Task prompt:
So long as no pictures are carried over, output the records below exactly.

================

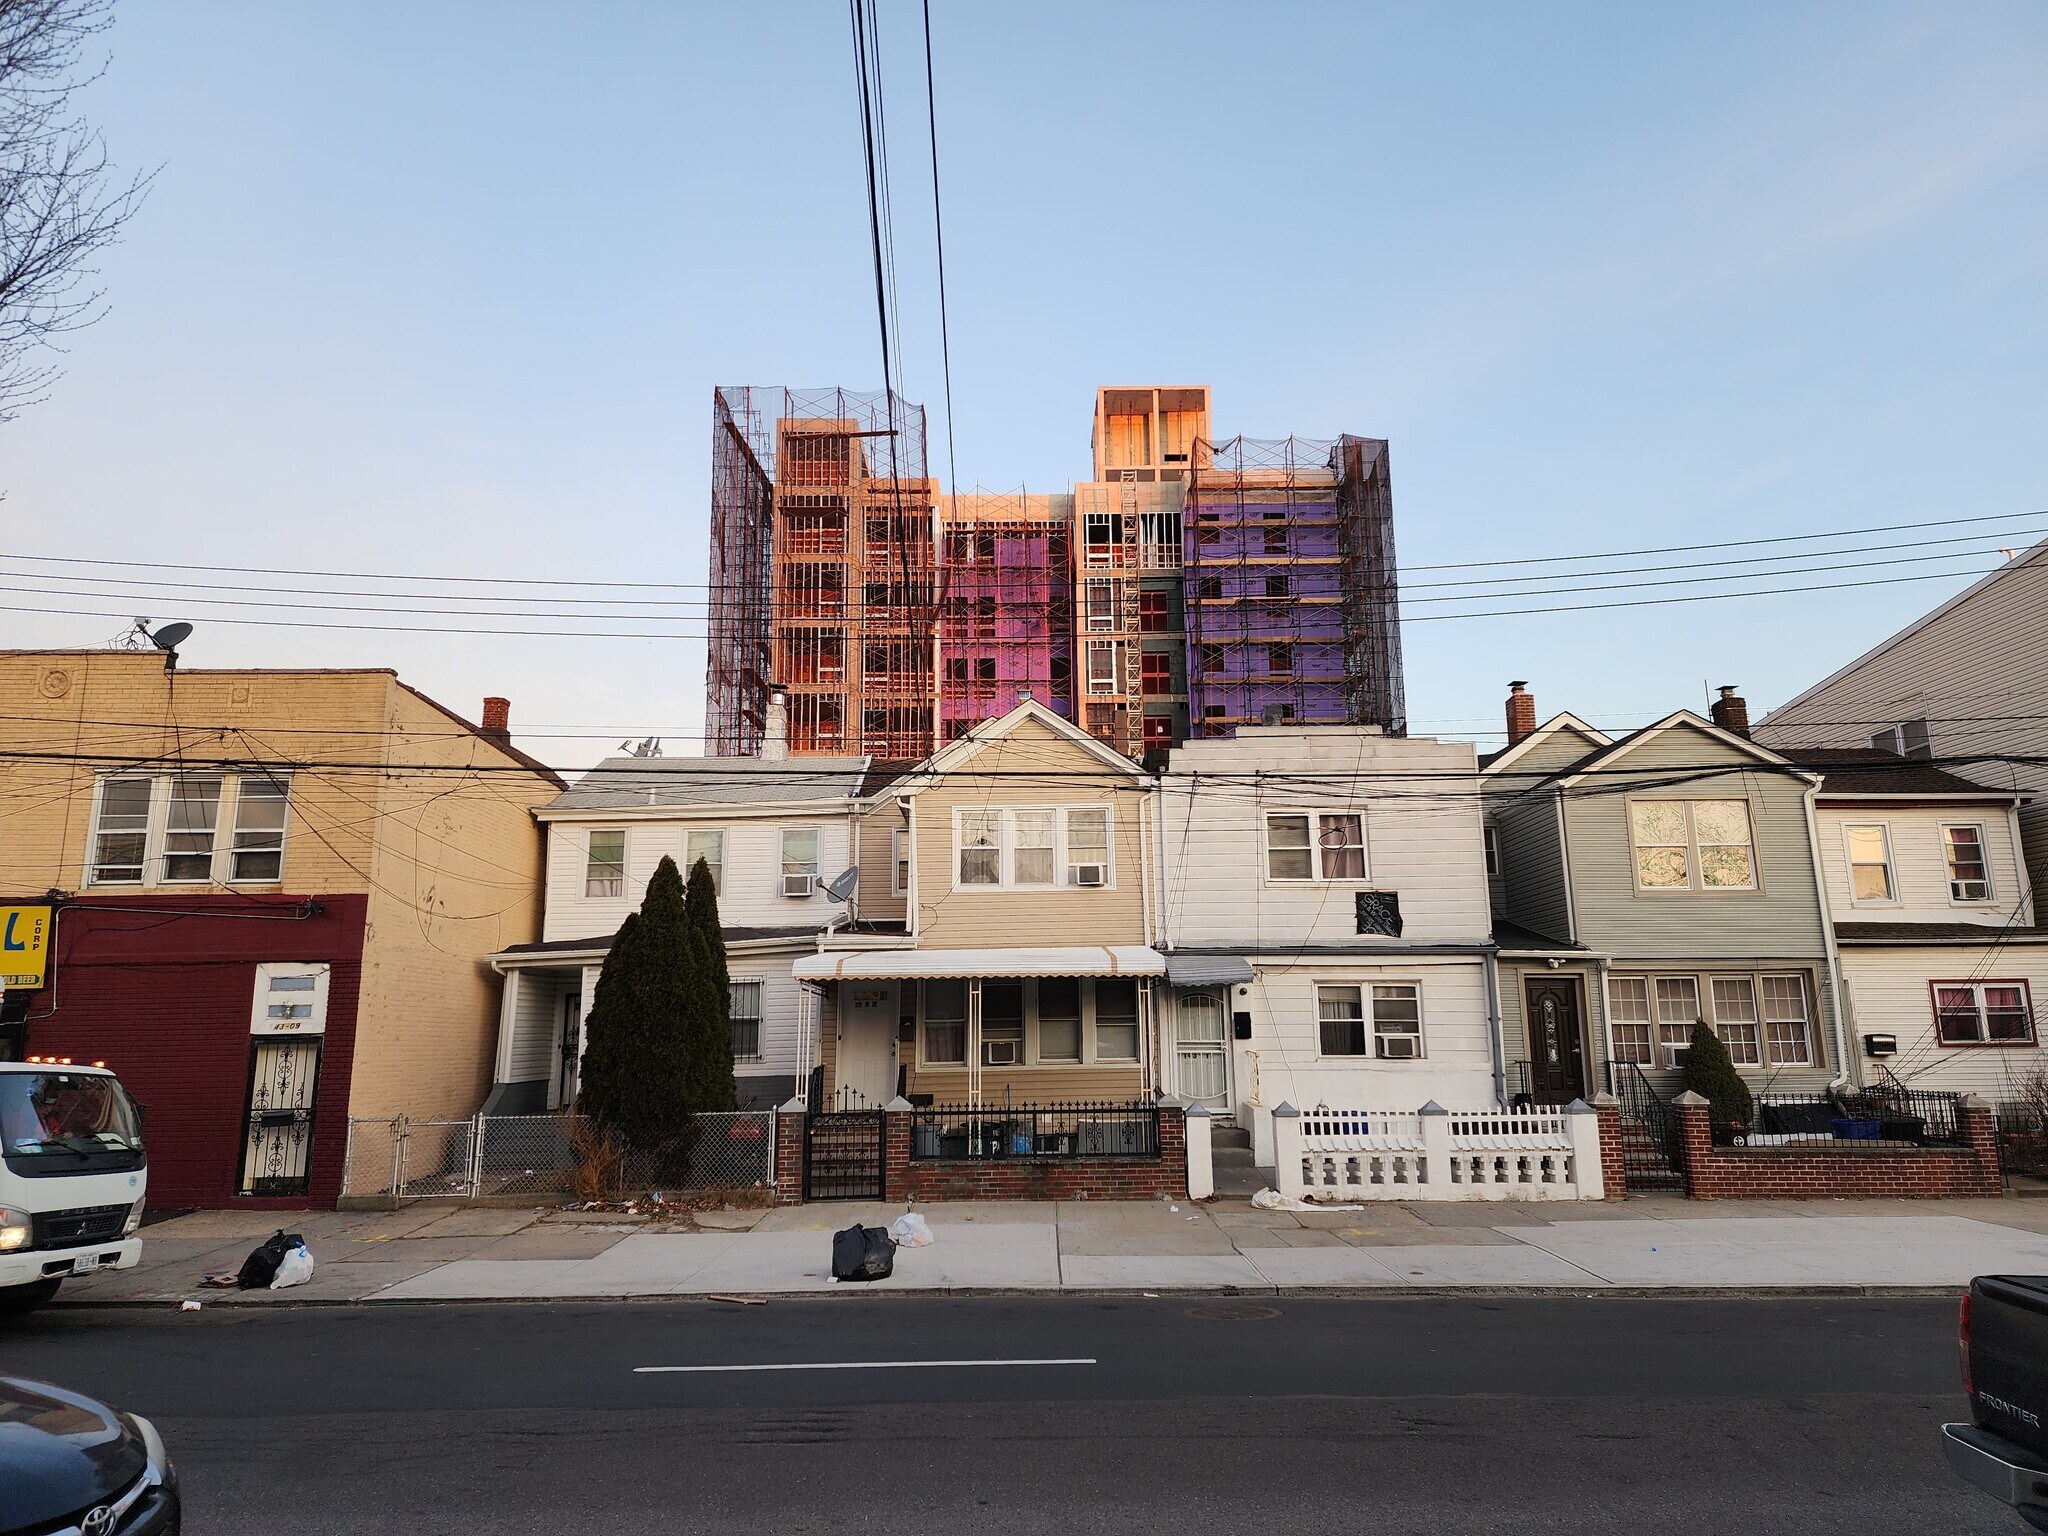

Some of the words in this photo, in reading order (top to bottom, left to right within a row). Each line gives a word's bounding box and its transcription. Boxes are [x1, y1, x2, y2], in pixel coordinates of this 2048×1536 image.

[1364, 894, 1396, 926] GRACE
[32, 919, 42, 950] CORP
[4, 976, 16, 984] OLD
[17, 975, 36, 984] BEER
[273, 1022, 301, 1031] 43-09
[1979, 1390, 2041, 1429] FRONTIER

================

Solution below:
Some of the words in this photo, in reading order (top to bottom, left to right within a row). Each line gives a word's bounding box and its transcription. Boxes are [x1, y1, x2, y2], in pixel coordinates of this 2048×1536 image.

[1364, 894, 1396, 926] GRACE
[32, 919, 42, 950] CORP
[4, 976, 16, 984] OLD
[17, 975, 36, 984] BEER
[273, 1022, 301, 1031] 43-09
[1979, 1390, 2041, 1429] FRONTIER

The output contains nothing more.